How Neuromorphic vision sensors will change the world

Kynan Eng CEO and co-founder of iniVation, explains his radical new sensor technology
Kynan Eng
Neuromorphic chip

Despite millions of years of evolution, the human eye has yet to develop the ability to take and reproduce pictures of the type seen in photographs. It is, however, exceptionally adept at responding to changes in environment and the surrounding world in a faster and much more efficient way than cameras and computers currently can. With this intention and taking inspiration from the brain we have been working for several years on creating a camera that possesses the same ability, as that of the human eye, through the process of neuromorphic engineering. Our co-founders have been involved in this field for several decades, working at some of the world’s top research institutes, such as ETH Zurich, Oxford and Caltech.

Neuromorphic engineering replicates the key elements of visual sensing and processing similar to those used by the retina and visual cortex in the human eye and brain. This means that, though it is a computer chip used to inform sensors and cameras, it works in some ways like a biological eye that has the power to capture and process high-quality images. Neuromorphic sensors can directly sense fast changes, again much like the human eye can, and it sends that imagery to be processed. By allowing each pixel to record independently and only when triggered, movement is captured as a continuous stream of information, as opposed to frame by frame. This approach reduces the amount of data we need to send, which reduces the power consumption and also greatly improves the responsiveness of the camera. It allows for the total re-imagination of vision processing for cameras and because of this a neuromorphic sensor can generate up to a 1000 times less data, while still responding incredibly quickly, rendering the entire process significantly faster and much more efficient.

Our mission is to design and develop sensors and software that empower technology to rapidly see and understand the world.

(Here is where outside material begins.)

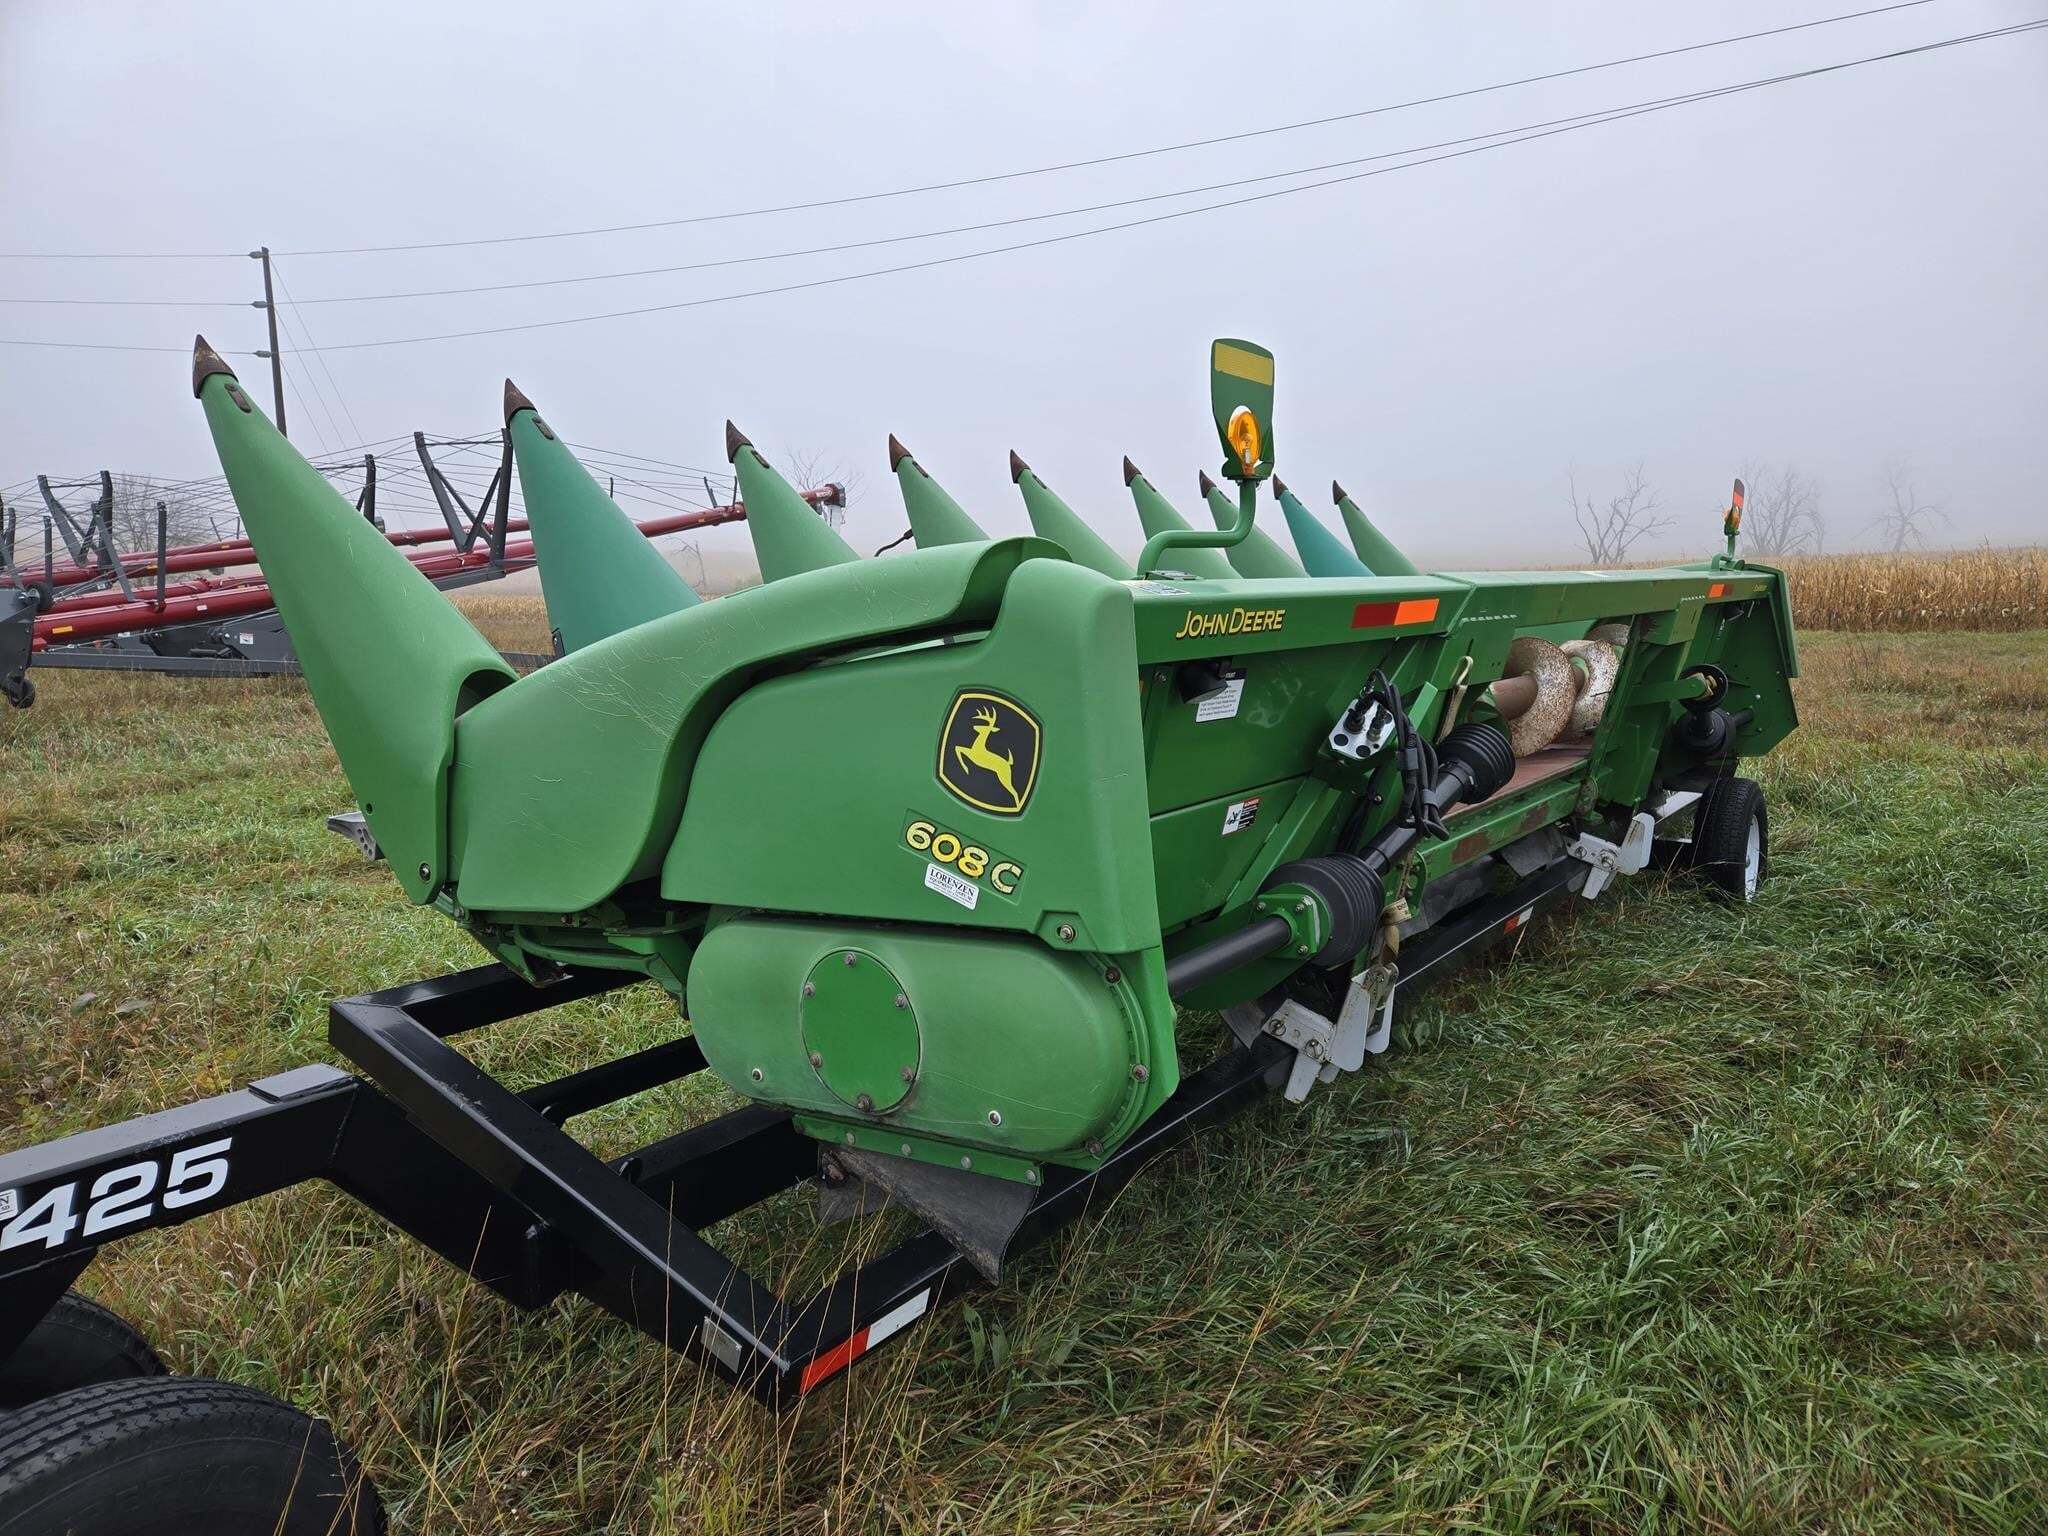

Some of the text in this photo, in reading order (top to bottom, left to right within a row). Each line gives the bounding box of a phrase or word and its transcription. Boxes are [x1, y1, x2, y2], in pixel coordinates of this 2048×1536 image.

[1175, 607, 1286, 639] JOHN DEERE
[930, 868, 975, 897] LORENZEN
[0, 1137, 233, 1250] 425

In our latest sensor, each pixel can independently output not just its current value, but it can also work in event mode in which it outputs changes in intensity. This mode compresses the output to only provide data when a change is detected. An additional level of compression is provided by grouping adjacent pixels that are changing in a similar way. The overall effect is to provide very fast, compressed data with much lower power and bandwidth requirements compared with a normal full-frame sensor readout. This allows for unprecedented advantages over conventional camera systems, such as ultra-low response latency, low, informative data rates and low power consumption.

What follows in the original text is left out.